Retype the data that follows exactly. No pictures belong in the copy.

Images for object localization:
□ □ □

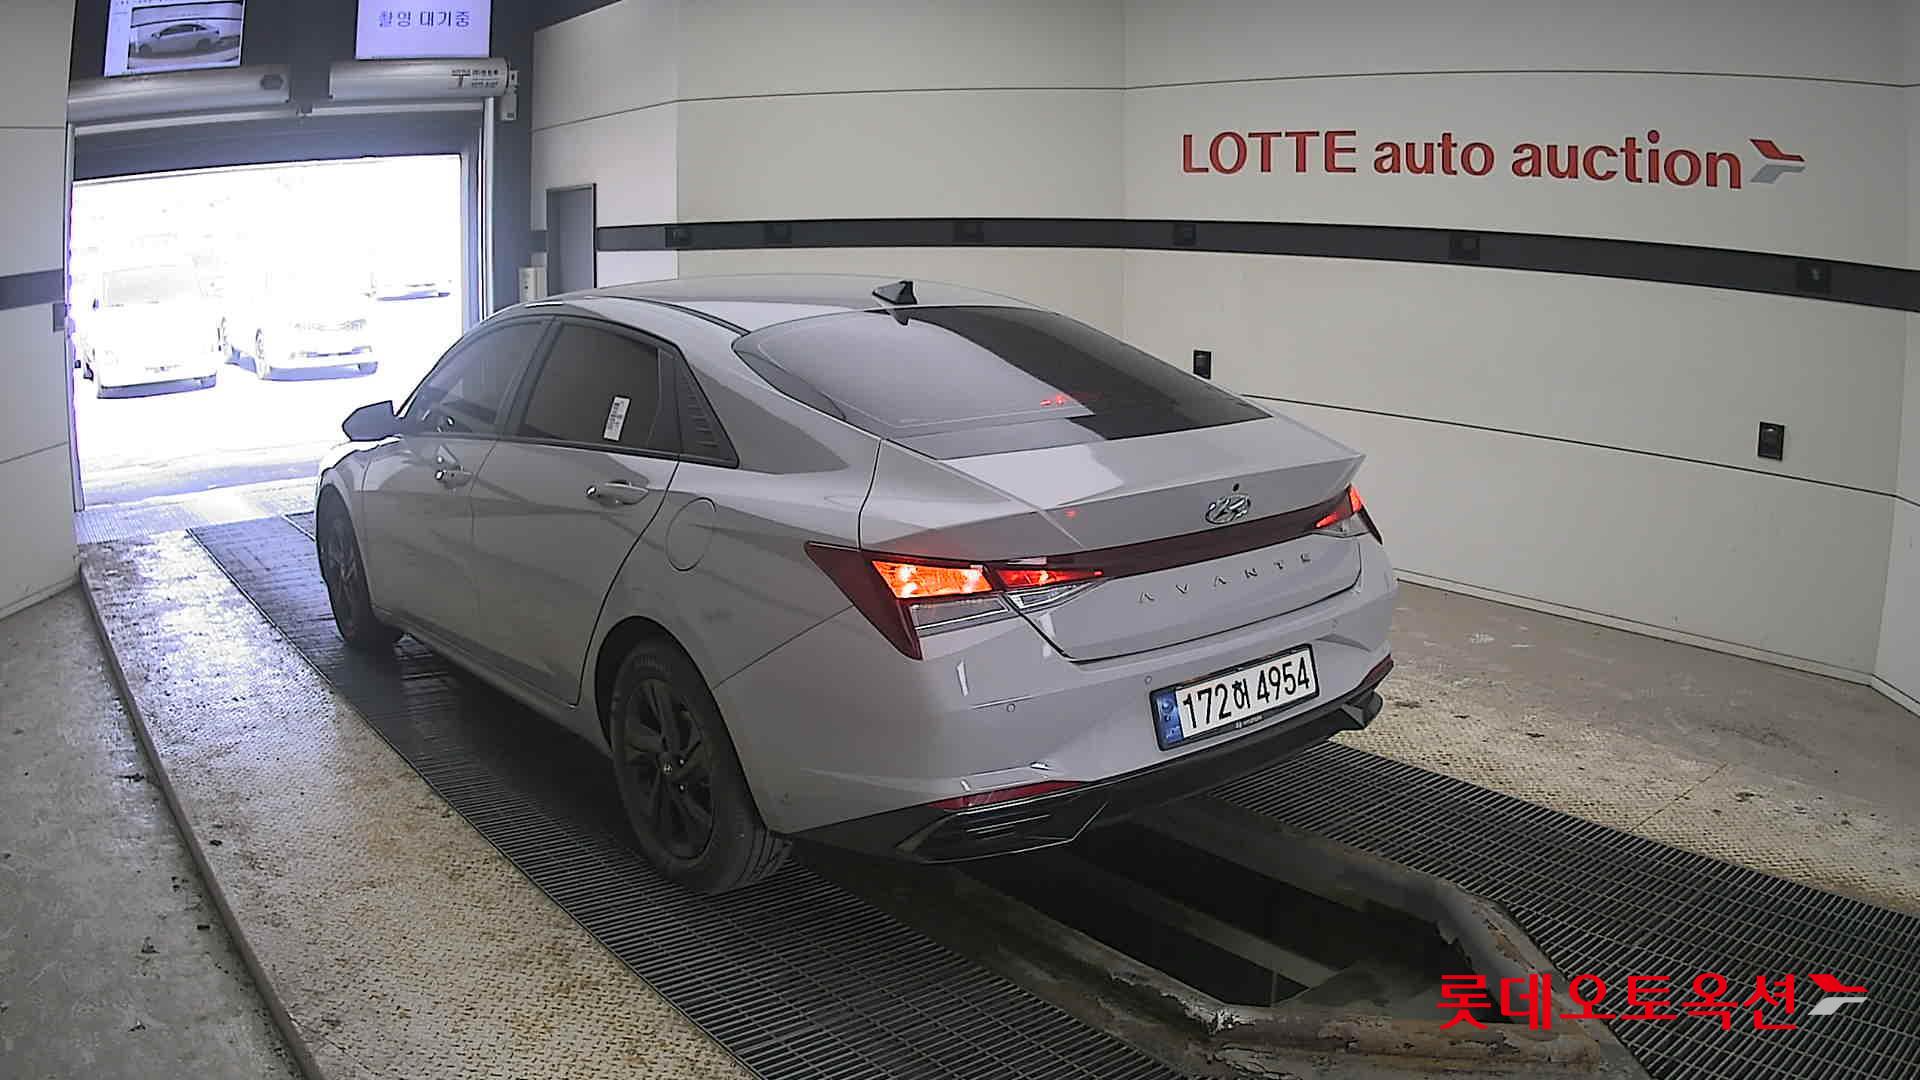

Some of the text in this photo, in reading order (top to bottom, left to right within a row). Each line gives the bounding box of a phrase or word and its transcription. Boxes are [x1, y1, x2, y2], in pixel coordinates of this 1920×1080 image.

[420, 9, 470, 28] 대기중
[1182, 129, 1742, 189] LOTTE auto auction
[1138, 552, 1312, 604] AVANTE
[1183, 656, 1310, 729] 172허 4954
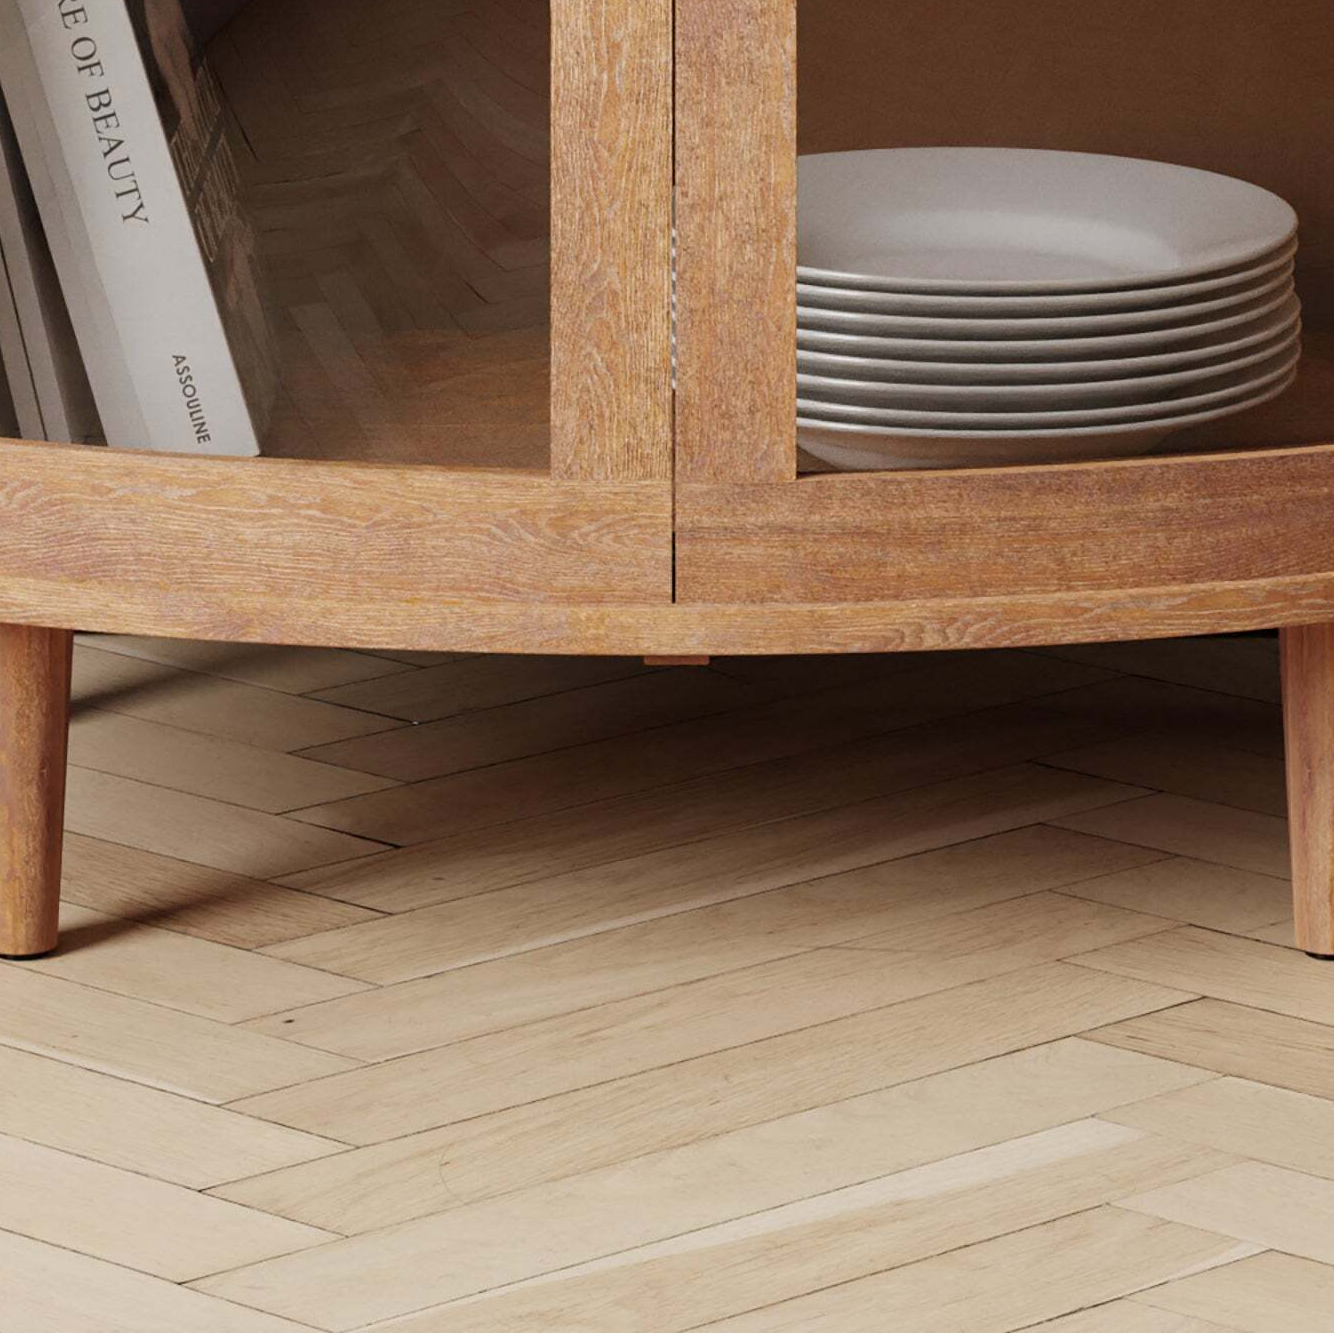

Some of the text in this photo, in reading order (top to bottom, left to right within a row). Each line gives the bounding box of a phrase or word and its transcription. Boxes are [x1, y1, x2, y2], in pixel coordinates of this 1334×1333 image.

□ □ □

*Task output*:
Some of the text in this photo, in reading order (top to bottom, left to right within a row). Each line gives the bounding box of a phrase or word and its transcription. Boxes are [x1, y1, x2, y2], in pixel coordinates of this 1920×1080 image.

[420, 9, 470, 28] 대기중
[1182, 129, 1742, 189] LOTTE auto auction
[1138, 552, 1312, 604] AVANTE
[1183, 656, 1310, 729] 172허 4954

Some of the text in this photo, in reading order (top to bottom, left to right within a row). Each line gives the bounding box of a phrase or word and its transcription. Boxes are [x1, y1, x2, y2], in pixel coordinates of this 1334×1333 image.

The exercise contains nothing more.